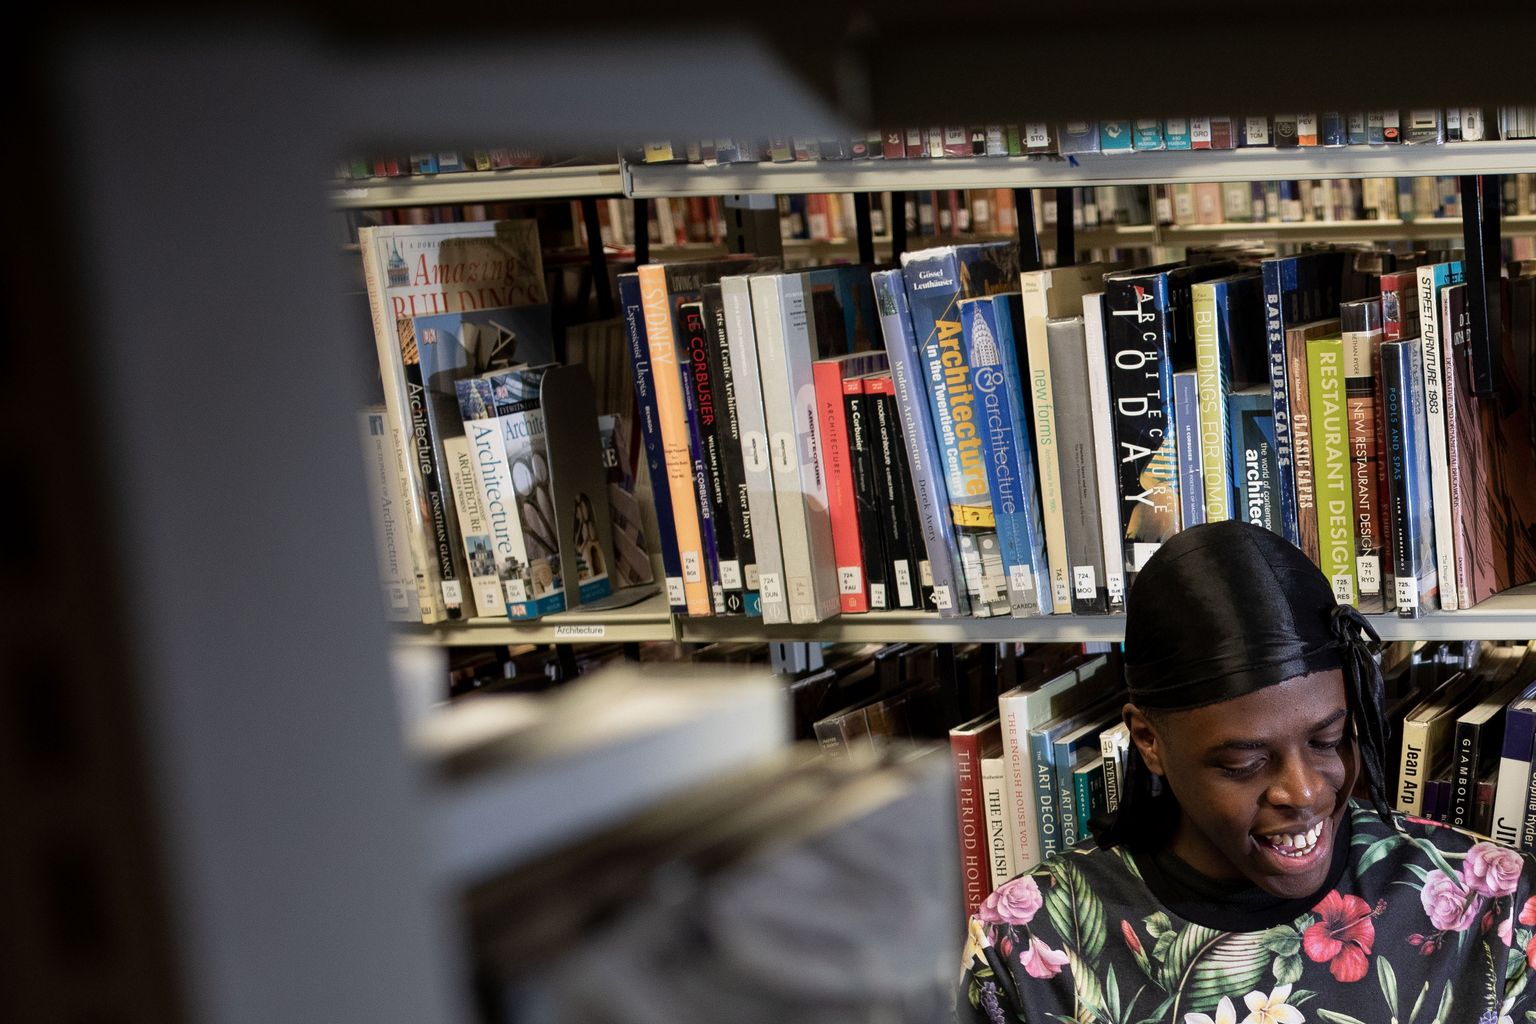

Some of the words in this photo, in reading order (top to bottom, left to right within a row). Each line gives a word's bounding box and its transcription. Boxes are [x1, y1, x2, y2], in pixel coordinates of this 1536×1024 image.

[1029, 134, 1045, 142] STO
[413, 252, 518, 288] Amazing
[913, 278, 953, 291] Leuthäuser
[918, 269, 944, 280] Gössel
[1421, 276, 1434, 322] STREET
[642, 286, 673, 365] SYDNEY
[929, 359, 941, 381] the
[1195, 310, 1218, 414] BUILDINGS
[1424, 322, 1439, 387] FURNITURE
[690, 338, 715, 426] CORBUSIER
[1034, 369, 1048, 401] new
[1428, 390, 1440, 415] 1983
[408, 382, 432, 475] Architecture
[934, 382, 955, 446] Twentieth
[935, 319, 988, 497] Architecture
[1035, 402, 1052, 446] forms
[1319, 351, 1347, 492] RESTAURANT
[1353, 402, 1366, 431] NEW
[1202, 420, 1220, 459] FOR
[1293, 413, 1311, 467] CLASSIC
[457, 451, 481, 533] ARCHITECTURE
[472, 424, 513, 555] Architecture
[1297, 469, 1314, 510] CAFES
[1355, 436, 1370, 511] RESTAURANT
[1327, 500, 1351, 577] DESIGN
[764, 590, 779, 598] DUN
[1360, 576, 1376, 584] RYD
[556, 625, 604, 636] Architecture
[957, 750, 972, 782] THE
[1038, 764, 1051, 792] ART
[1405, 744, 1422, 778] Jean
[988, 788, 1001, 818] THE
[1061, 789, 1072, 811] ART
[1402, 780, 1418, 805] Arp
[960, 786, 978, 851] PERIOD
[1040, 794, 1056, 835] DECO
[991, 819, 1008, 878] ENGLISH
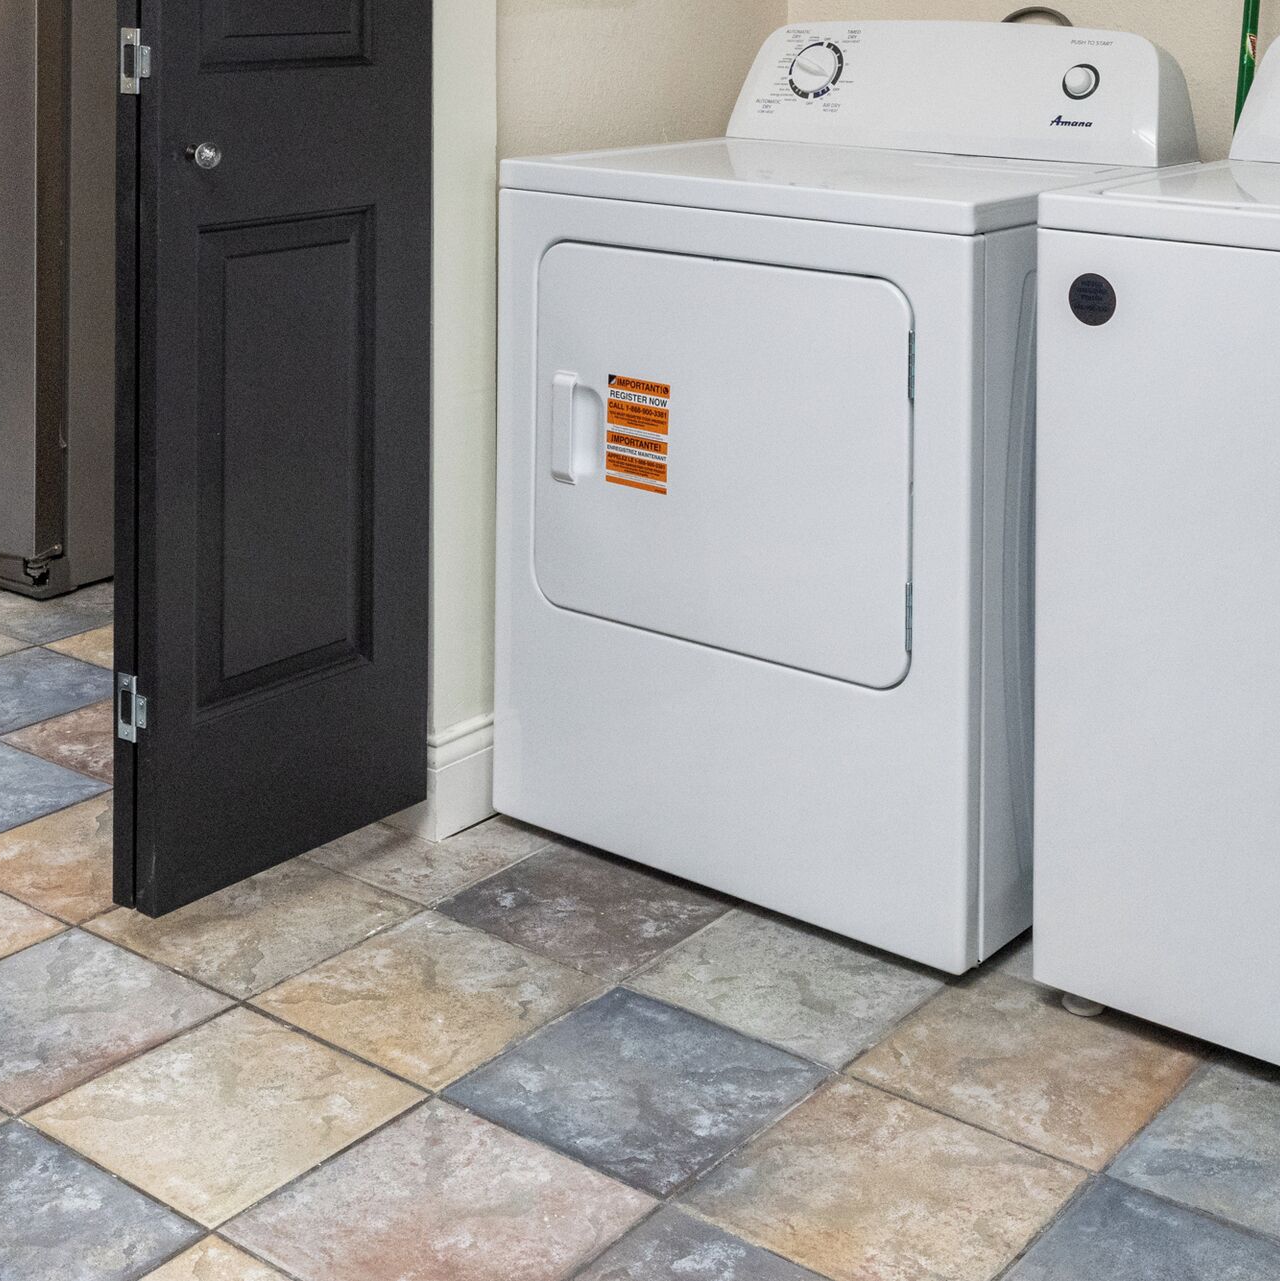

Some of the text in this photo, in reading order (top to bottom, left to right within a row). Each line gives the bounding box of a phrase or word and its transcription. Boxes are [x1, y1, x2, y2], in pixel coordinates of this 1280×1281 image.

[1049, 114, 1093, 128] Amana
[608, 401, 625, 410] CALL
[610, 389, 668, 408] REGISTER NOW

# # # # #

| Task item |
Give back the full listing exactly, with pictures dropped.

| Problem solution |
Some of the words in this photo, in reading order (top to bottom, left to right within a row). Each line gives a word's bounding box and its transcription. Boxes are [x1, y1, x2, y2], in pixel coordinates of this 1536×1024 image.

[1029, 134, 1045, 142] STO
[413, 252, 518, 288] Amazing
[913, 278, 953, 291] Leuthäuser
[918, 269, 944, 280] Gössel
[1421, 276, 1434, 322] STREET
[642, 286, 673, 365] SYDNEY
[929, 359, 941, 381] the
[1195, 310, 1218, 414] BUILDINGS
[1424, 322, 1439, 387] FURNITURE
[690, 338, 715, 426] CORBUSIER
[1034, 369, 1048, 401] new
[1428, 390, 1440, 415] 1983
[408, 382, 432, 475] Architecture
[934, 382, 955, 446] Twentieth
[935, 319, 988, 497] Architecture
[1035, 402, 1052, 446] forms
[1319, 351, 1347, 492] RESTAURANT
[1353, 402, 1366, 431] NEW
[1202, 420, 1220, 459] FOR
[1293, 413, 1311, 467] CLASSIC
[457, 451, 481, 533] ARCHITECTURE
[472, 424, 513, 555] Architecture
[1297, 469, 1314, 510] CAFES
[1355, 436, 1370, 511] RESTAURANT
[1327, 500, 1351, 577] DESIGN
[764, 590, 779, 598] DUN
[1360, 576, 1376, 584] RYD
[556, 625, 604, 636] Architecture
[957, 750, 972, 782] THE
[1038, 764, 1051, 792] ART
[1405, 744, 1422, 778] Jean
[988, 788, 1001, 818] THE
[1061, 789, 1072, 811] ART
[1402, 780, 1418, 805] Arp
[960, 786, 978, 851] PERIOD
[1040, 794, 1056, 835] DECO
[991, 819, 1008, 878] ENGLISH

Some of the text in this photo, in reading order (top to bottom, left to right within a row). Each line gives the bounding box of a phrase or word and its transcription. Boxes are [x1, y1, x2, y2], in pixel coordinates of this 1280×1281 image.

[1049, 114, 1093, 128] Amana
[608, 401, 625, 410] CALL
[610, 389, 668, 408] REGISTER NOW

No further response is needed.